FieldTypeDescriptionExample
value1*Final value of the first loop-carried variable that originated from initial_value1, after all iterations have completed. If initial_value1 was not connected or the internal loop failed, this will be None.An integer 55 representing the sum of indices from 0 to 10 accumulated across the loop.
value2*Final value of the second loop-carried variable corresponding to initial_value2. Often used for lists or other aggregates built across iterations.A list of user IDs ["user-01", "user-02", "user-03"] collected over three iterations.
value3*Final value of the third loop-carried variable corresponding to initial_value3. If the corresponding input was left unconnected or invalid, this may be None and should then be ignored by downstream nodes.A string "Job 0 OK; Job 1 OK; Job 2 OK" containing concatenated per-iteration status messages.
value4*Final value of the fourth loop-carried variable corresponding to initial_value4. Additional valueN outputs beyond this (if present in your environment) follow the same pattern: each reflects the final state of its matching initial_valueN input.A JSON object {"min_score": 0.72, "max_score": 0.98} summarizing score statistics collected during the loop.

Important Notes

  • Performance: The node expands an internal loop graph using integer math, a comparison node, and a while-loop close node; high iteration counts or heavy loop bodies can significantly increase execution time and memory usage.
  • Limitations: This for-loop close node is explicitly marked as deprecated; it may not receive new features and could be removed in future versions. Prefer Loop Open and Loop Close for new designs.
  • Behavior: On any internal exception (such as invalid flow_control, graph construction failure, or runtime errors inside the loop body), the node logs an error and returns a tuple of None values and an empty expansion instead of raising a hard error through the pipeline.
  • Behavior: All initial_valueN inputs and valueN outputs are wildcard raw links without type enforcement. You must ensure that each loop-carried variable keeps a consistent data type across all iterations and branches to avoid subtle failures in the loop body or downstream.

Troubleshooting

  • Common Error 1: All valueN outputs are None even though inputs are wired. This usually indicates that flow_control is missing, not taken from SaltForLoopOpen, or an internal error occurred. Verify that flow_control comes directly from SaltForLoopOpen and that the loop body does not contain operations that could raise errors (for example, invalid arithmetic or null dereferences).
  • Common Error 2: The loop runs zero or an unexpected number of times.
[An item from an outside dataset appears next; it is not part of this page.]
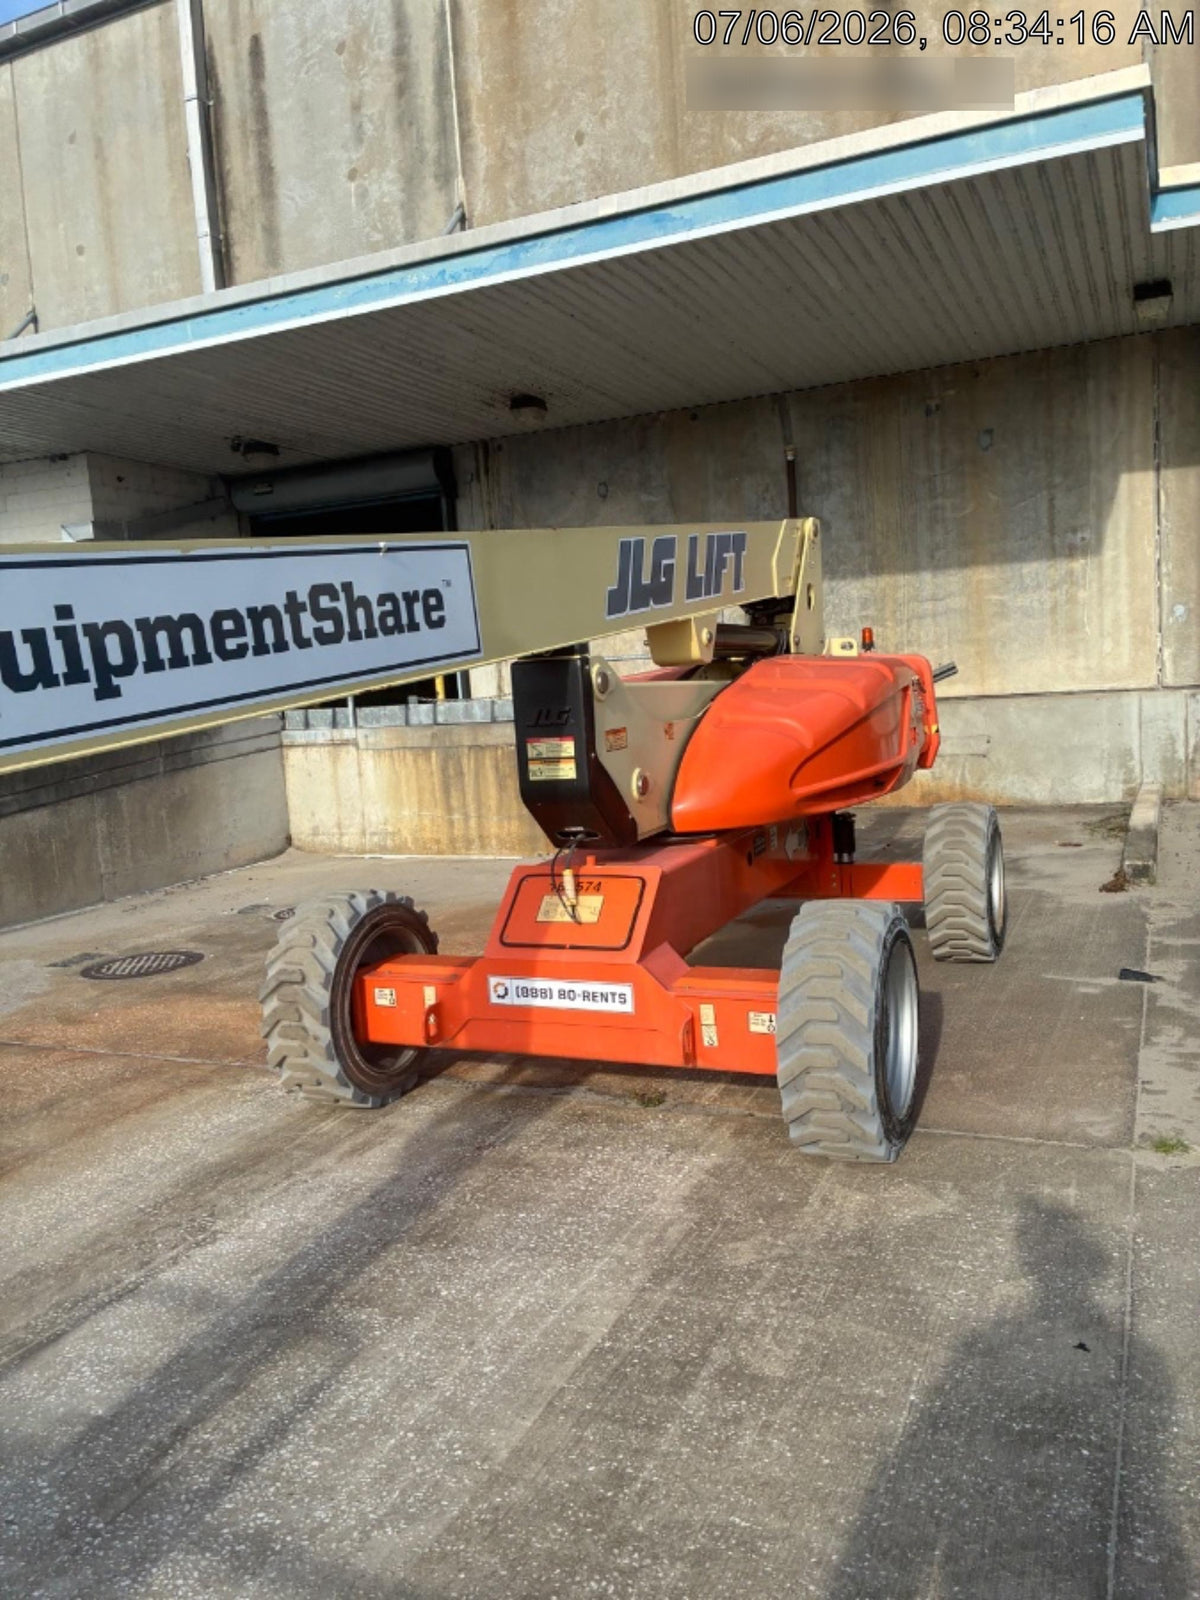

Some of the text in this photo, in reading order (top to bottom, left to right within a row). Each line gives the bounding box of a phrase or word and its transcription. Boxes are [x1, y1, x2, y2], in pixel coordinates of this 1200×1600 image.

[606, 531, 747, 620] JLG LIFT
[0, 580, 446, 701] uipmentShare
[515, 985, 553, 1000] (888)
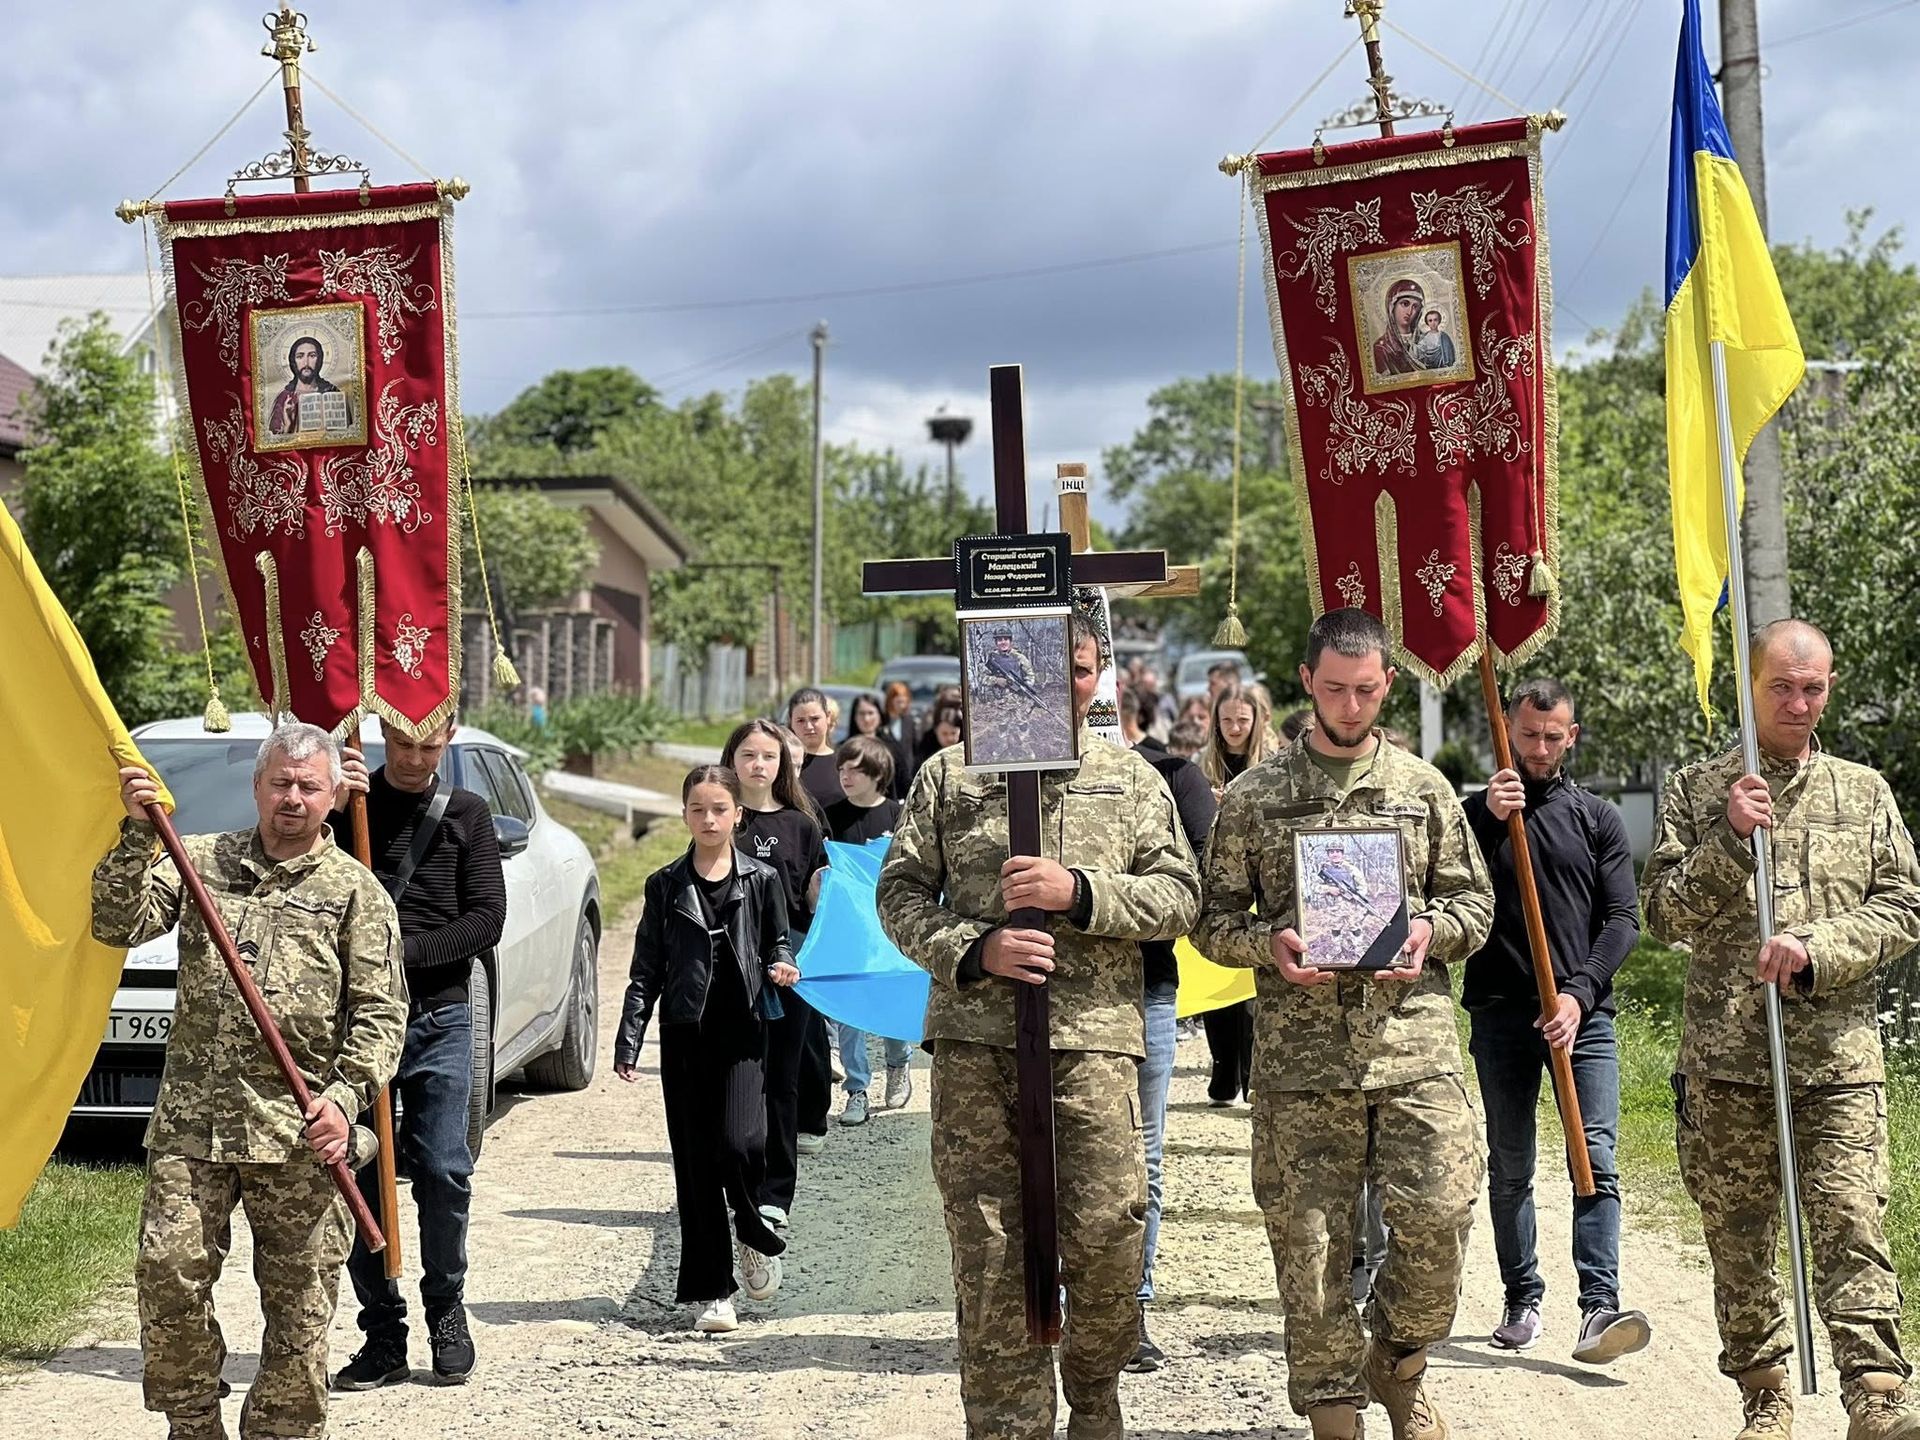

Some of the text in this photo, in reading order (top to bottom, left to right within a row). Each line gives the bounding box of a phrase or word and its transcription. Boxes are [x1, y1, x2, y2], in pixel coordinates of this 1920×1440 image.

Since the for-loop is implemented via integer math and a 'greater-than' condition internally, incorrect configuration on SaltForLoopOpen (for example, start/end values or step) can cause off-by-one or no-iteration behavior. Recheck the iteration range and ensure the counter and termination condition align with your intent.
  • Common Error 3: Downstream nodes fail with type or structure errors immediately after the loop. This typically happens when different iterations or conditional branches in the loop body produce different types for the same loop-carried variable (e.g., sometimes a list, sometimes a string). Enforce consistent types and shapes for every loop-carried variable on all execution paths inside the loop.